A top government spokesperson announced on Friday that Japan intends to begin discharging more than a million tons of treated water from the wrecked Fukushima nuclear power plant into the ocean this year.

The International Atomic Energy Agency (IAEA) has approved the proposal, but the government will hold off on publicizing it until it has received “a detailed report” from the UN watchdog, according to chief cabinet secretary Hirokazu Matsuno.

The greatest nuclear catastrophe since Chernobyl occurred in 2011 when a major underwater earthquake and wave overloaded cooling systems at the plant. Work on decommissioning has begun and is anticipated to take about 40 years.

In the months of April through November of last year, the site produced an average of 100 cubic meters (3,500 cubic feet) of polluted water every day, which included groundwater, seawater, rainwater that seeped into the region, and water used for cooling. With more than 1.3 million cubic meters of water already on site and limited space, the water is filtered to eliminate various radionuclides and transferred to storage tanks.

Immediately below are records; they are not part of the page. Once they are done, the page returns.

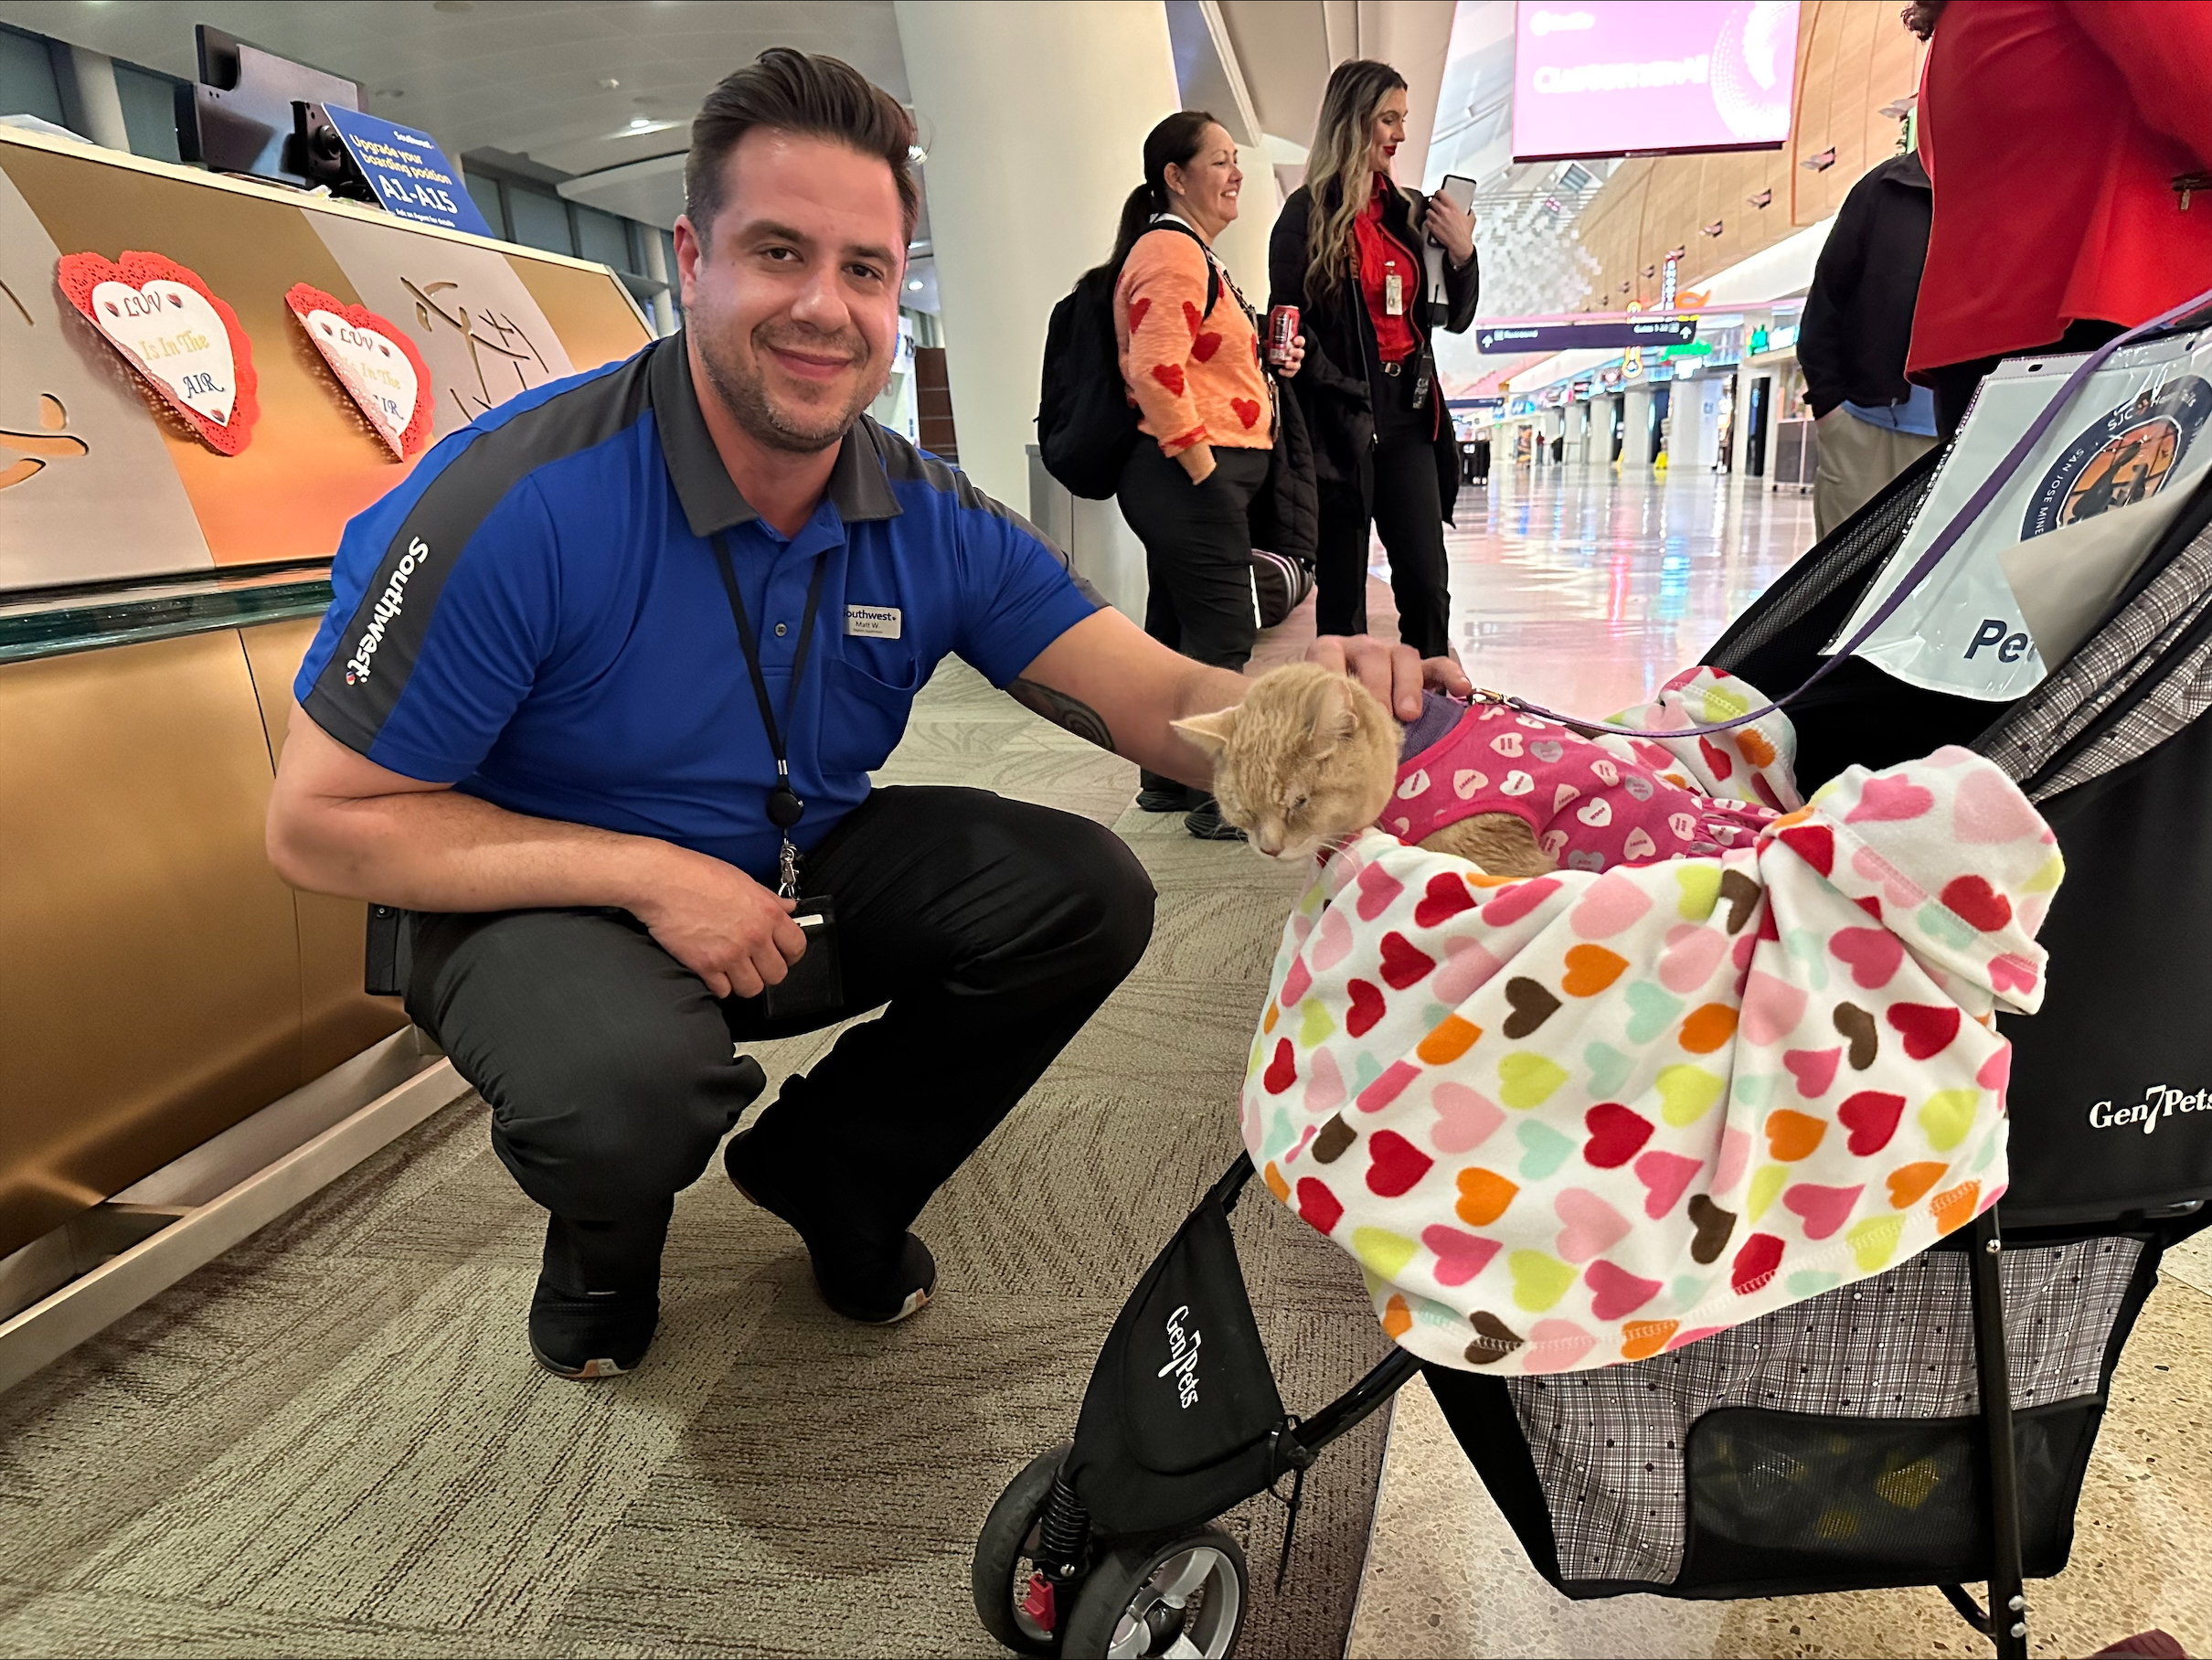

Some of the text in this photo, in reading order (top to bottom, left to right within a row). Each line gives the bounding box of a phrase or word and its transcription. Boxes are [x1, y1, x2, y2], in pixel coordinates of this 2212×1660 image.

[349, 133, 423, 165] Upgrade your
[358, 149, 452, 186] boarding position
[378, 175, 458, 214] A1-A15
[123, 291, 162, 317] LUV
[139, 329, 210, 361] Is In The
[340, 328, 373, 351] LUV
[183, 372, 225, 399] AIR
[2107, 407, 2134, 432] SJC
[2062, 448, 2084, 472] SAN
[2043, 474, 2064, 503] JOSE
[346, 536, 430, 679] Southwest
[856, 621, 871, 629] Matt
[1157, 1305, 1202, 1409] Gen7Pets

After the release facilities have been finished and tested and the IAEA’s entire report has been made public, Matsuno stated that “we expect the timeframe of the release would be somewhere around this spring or summer.”
The entire government will use all possible effort to maintain safety and take precautions against unfavorable rumors. The remarks make reference to ongoing worries about the release plan expressed by neighboring nations and regional fishing groups.

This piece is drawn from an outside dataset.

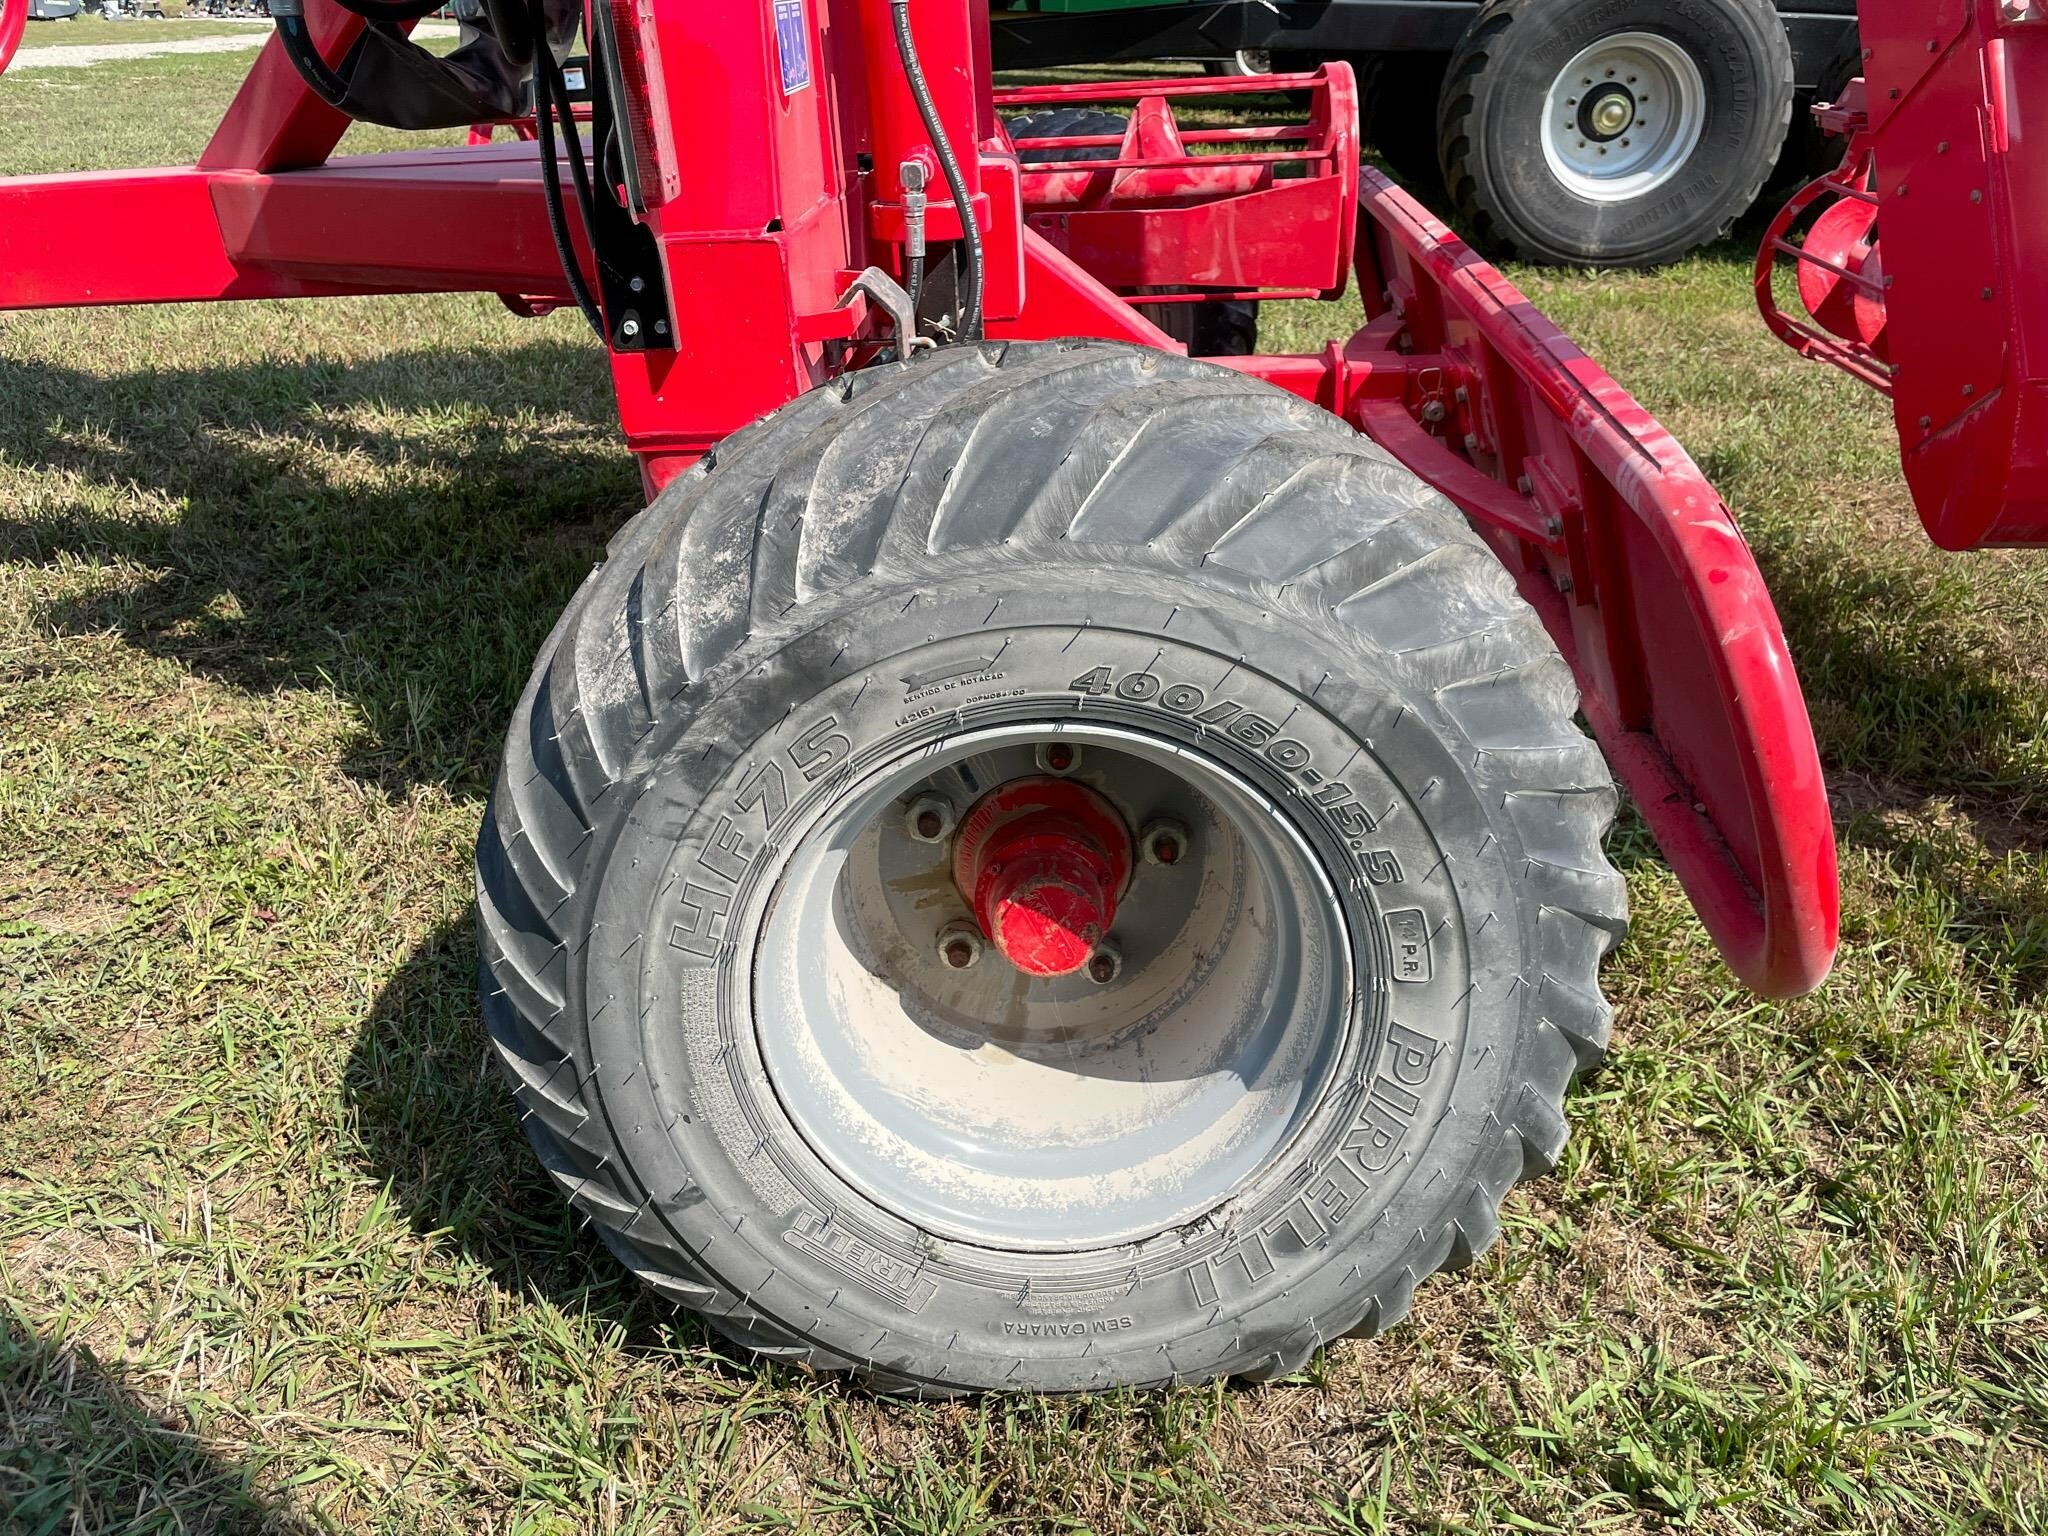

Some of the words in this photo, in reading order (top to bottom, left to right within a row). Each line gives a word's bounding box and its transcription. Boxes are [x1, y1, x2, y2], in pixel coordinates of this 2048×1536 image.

Fishermen in the area worry that the release may harm their reputation after spending years trying to restore consumer confidence in their products through rigorous testing.

With the exception of one radioactive element, tritium, which experts claim is only dangerous to people in high quantities, the treated water, according to plant operator TEPCO, complies with national guidelines for radionuclide levels.

It intends to use a one kilometer (0.6 miles) long undersea pipe to disperse the water offshore over a number of decades after diluting it to lower the tritium levels.
According to the IAEA, the release “will not harm the environment” and complies with international regulations. The idea has drawn criticism from the region’s neighbors, notably China and South Korea, as well as organizations like Greenpeace.

Around 18,500 individuals were murdered or went missing in the northeastern Japan tragedy in March 2011, with the tsunami killing the majority of them. Thousands of locals in the vicinity of the Fukushima plant were either forced to leave their homes or made the decision to do so.

Although no-go zones now only comprise about two percent of the Fukushima region, the population in many communities is still significantly fewer than it was before.